When Marquess Kia sat, everyone else took their seats as well. Seraphie naturally settled at the head of the table.
“……”
She’d sat there countless times before, but today the seat seemed particularly uncomfortable.
‘Look at my hands…’
Glancing at her palm, she found it slick with sweat. Likely it was simply from sharing the room with both Marquess Kia and the Countess Dowager.
‘Calm down.’
You’re the head of Validus, after all, she told herself, steadying her heart as she began the meeting.
“The capital is undergoing a financial audit as we speak.”
Right now, while Seraphie was away, the royal house was conducting a nationwide audit. It was a move targeting Baglosa.
“That won’t be enough, just a simple audit…”
Marquess Kia sounded doubtful, and Seraphie nodded in agreement.
“We’ve already bought up every bond Baglosa issued.”
“I can almost hear Baglosa’s howls from here.”
“We’ve had proxy companies steadily acquiring the bonds. Now, all have been handed over to the Kia Trading Company.”
Baglosa’s financial condition was more precarious than ever.
Declared profits were strangely low compared to their accumulated assets, and there were suspiciously large donations to the temple on record, too.
Lou handed Marquess Kia the documents.
“Bonds… this many?”
It was rare for Marquess Kia to be surprised.
The bonds themselves were not strange, but Baglosa’s behavior—that they had gone so far as to issue such a volume—was more than suspicious.
On top of that, all the bonds were coming due soon.
“Sera.”
Listening closely, the Countess Dowager raised her hand.
“Does owning all these bonds mean we can seize the Baglosa Company?”
“That much we can’t do.”
At Seraphie’s answer, the Countess Dowager nodded, a bit disappointed.
She knew all too well what Baglosa had done to her mother-in-law, and to her own daughter.
“But…”
After a pause, Seraphie smiled slightly.
“We can ruin them.”
The bonds Baglosa had issued were cash bonds. They typically had the shortest terms, but the repayment process was relatively simple.
‘Not that we bought them up just to collect debts.’
Seraphie smiled quietly.
“The company’s main business is tea.”
The one reason they’d bought up all those bonds and conducted the audit, hand in hand with the royal house, was simple.
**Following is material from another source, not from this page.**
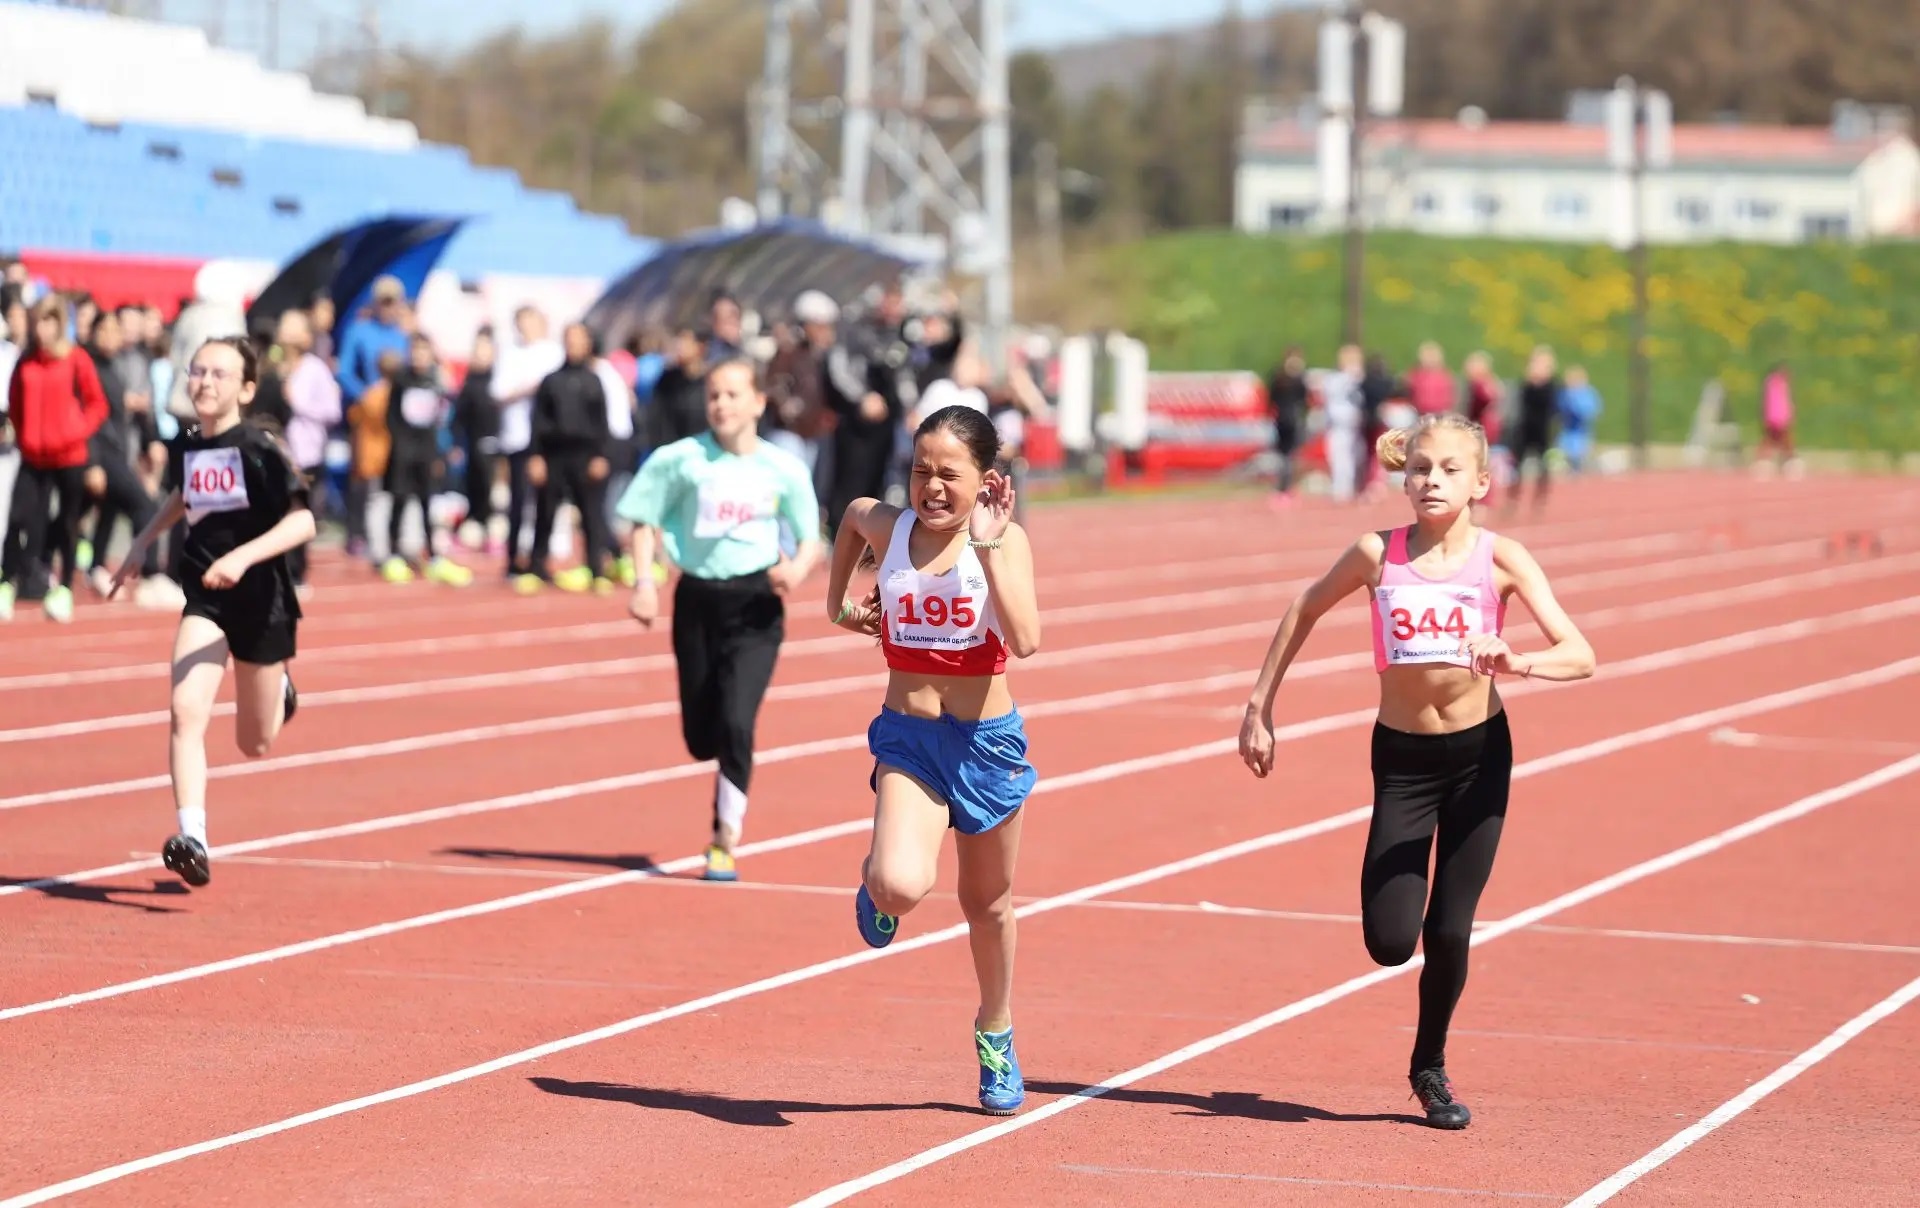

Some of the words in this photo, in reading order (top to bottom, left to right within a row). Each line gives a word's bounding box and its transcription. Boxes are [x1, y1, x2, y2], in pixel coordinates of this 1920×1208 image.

[190, 467, 235, 493] 400
[898, 592, 976, 628] 195
[1391, 606, 1470, 641] 344
[903, 635, 951, 644] САХАЛИНСКАЯ
“It’s time to take it back.”
It was time for the Kia Company to reclaim its former glory.
“What is… all this?”
Count Baglosa wavered unsteadily as he looked about his devastated study.
The shelves were bare, the drawers all open,
and only useless scraps of paper were scattered on the floor.
His head swam, though he hadn’t touched a drop of liquor. His whole body trembled, though he felt like a man plunged into an icy pool.
‘The audit is upon us, sir!’
The merchant house assistant had burst in that very morning, in a panic, announcing that a nationwide audit had begun, and Baglosa was among the targets.
Count Baglosa had rushed to the company headquarters in a flurry.
But the auditors had already swept through.
They had seized every single document from the offices, and in the meanwhile, during his absence, they had raided the mansion, collecting every piece relating to the merchant house.
Now the Count was deeply uneasy.
It all felt like a scheme, a play in which every role had been prepared in advance.
That they had raided his mansion the moment he left, and that the sudden audit had commenced just as the party ended—above all, this timing was most suspicious.
It felt just like a plot to drive him into a corner.
‘Could the royal house…’
His nerves frayed, he slammed a fist down on a sofa arm. The only result was an aching hand.
“Father!”
At that moment, Count Baglosa’s son appeared.